L’Amérique latine et la Caraïbe traversent un moment préoccupant, avec l’enlèvement de Nicolás Maduro par les États-Unis, pris dans une logique impérialiste au mépris du droit international. Cette instabilité régionale rend la coopération régionale d’autant plus indispensable.
Par cette adhésion, nous reconnaissons que ces collectivités ne sont pas des marges, mais des acteurs à part entière de la Caraïbe.
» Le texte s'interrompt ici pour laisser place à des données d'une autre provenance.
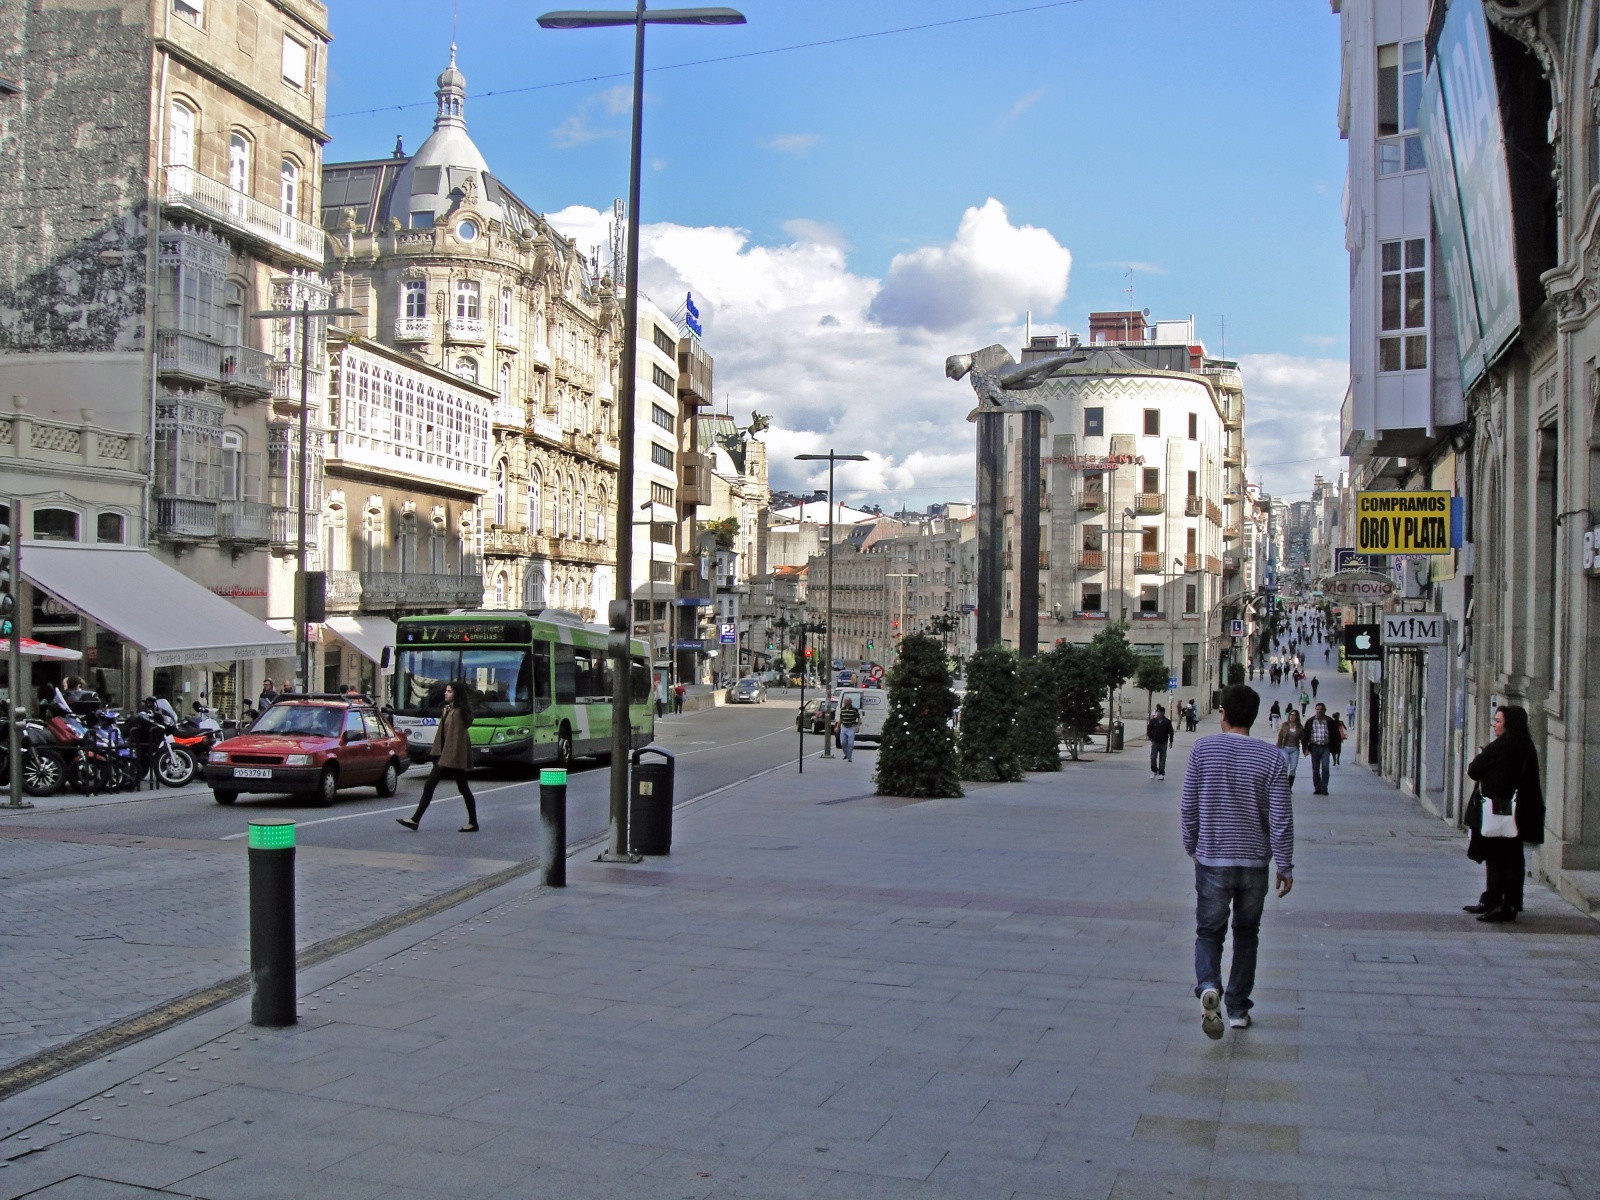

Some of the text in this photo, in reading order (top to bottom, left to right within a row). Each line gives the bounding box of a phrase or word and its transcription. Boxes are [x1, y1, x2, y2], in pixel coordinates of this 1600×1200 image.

L’intégration régionale est une nécessité à plusieurs titres. La Martinique, la Guadeloupe, Saint-Martin et la Guyane cherchent à sortir de leur isolement. Cette dernière est confrontée à des défis transfrontaliers majeurs. L’intégration régionale offre des opportunités, mais elle ne peut être crédible que si elle est pensée depuis les territoires eux-mêmes, loin de tout centralisme parisien. La coopération avec la Caricom ne doit pas être le prolongement de la diplomatie française, mais un outil d’autonomie politique, de développement partagé et d’émancipation. (Mme Catherine Conconne applaudit.)
En permettant l’application du protocole, ce projet de loi donne à la Caricom les moyens d’agir concrètement. Il faut y voir un point de départ et non une fin en soi. L’État doit s’engager à respecter les collectivités et leur capacité à nouer des partenariats.
Parce que nous choisissons l’intégration régionale des collectivités françaises, notre groupe votera ce projet de loi, en restant vigilant, pour plus d’autonomie, de coopération et de justice pour les territoires ultramarins.